*** Task input Section Begins ***
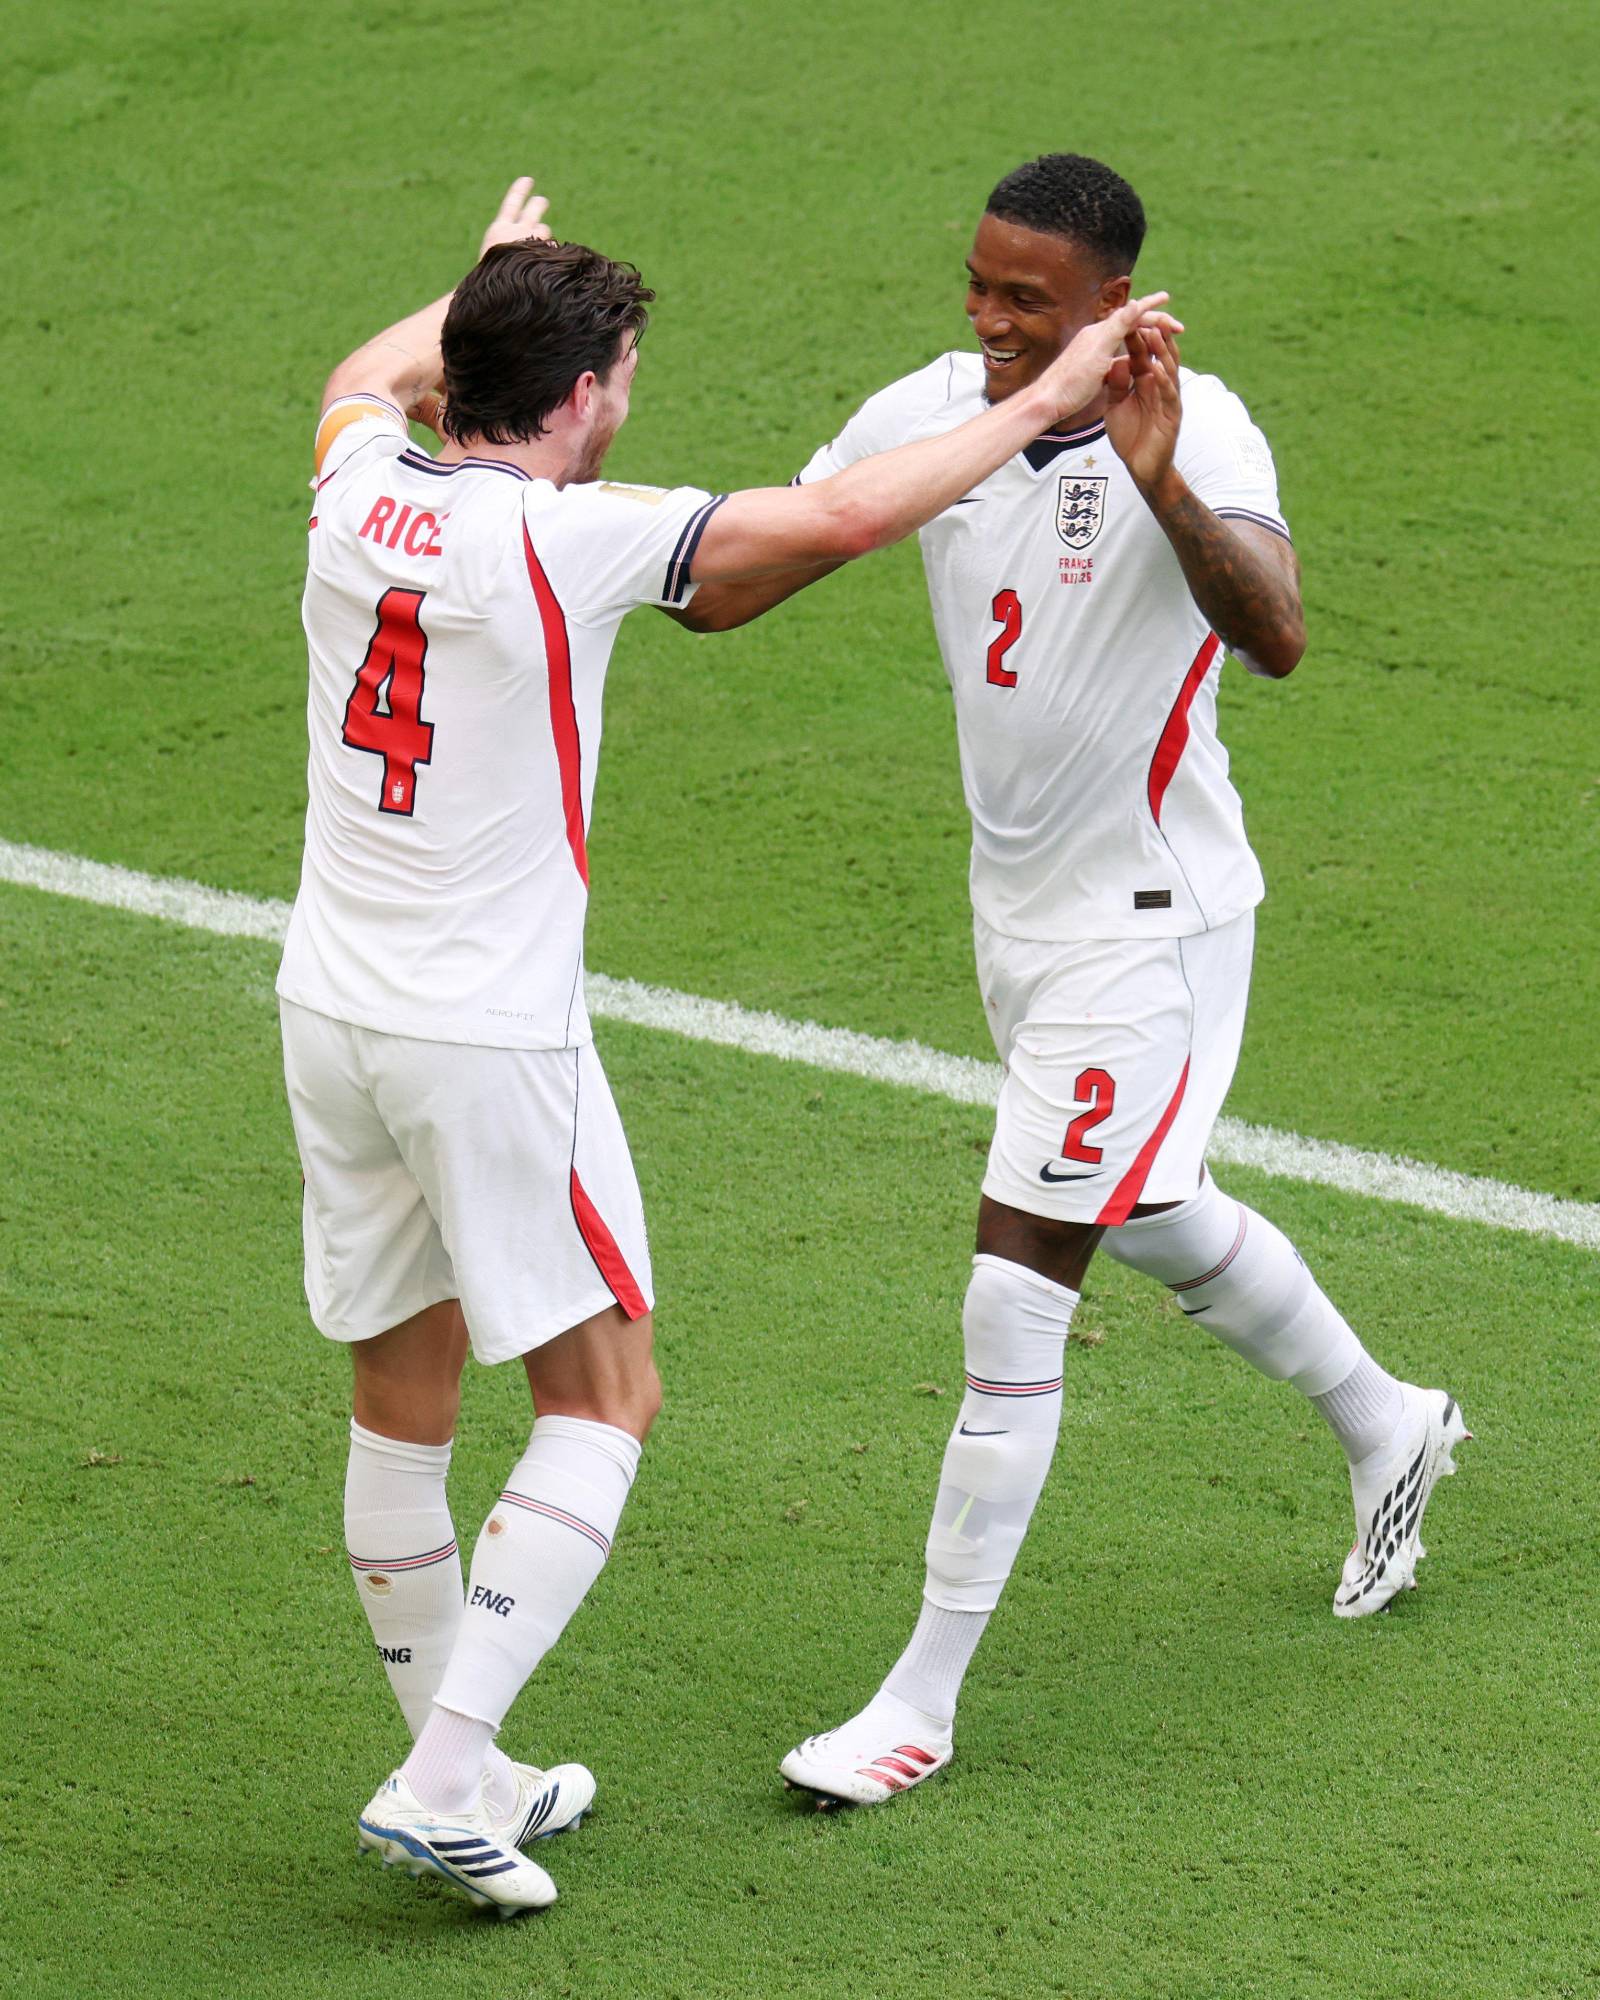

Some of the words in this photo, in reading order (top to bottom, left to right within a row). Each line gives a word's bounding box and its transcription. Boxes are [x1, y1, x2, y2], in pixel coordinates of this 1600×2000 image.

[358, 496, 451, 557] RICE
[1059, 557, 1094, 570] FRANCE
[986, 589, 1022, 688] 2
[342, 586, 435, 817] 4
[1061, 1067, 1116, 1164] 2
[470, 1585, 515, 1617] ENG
*** Task input Section Ends ***
▸ Aim of the exercise
Everything in the records except the pictures should be retyped exactly.

▸ Response to this task
Some of the words in this photo, in reading order (top to bottom, left to right within a row). Each line gives a word's bounding box and its transcription. Boxes are [x1, y1, x2, y2], in pixel coordinates of this 1600×2000 image.

[358, 496, 451, 557] RICE
[1059, 557, 1094, 570] FRANCE
[986, 589, 1022, 688] 2
[342, 586, 435, 817] 4
[1061, 1067, 1116, 1164] 2
[470, 1585, 515, 1617] ENG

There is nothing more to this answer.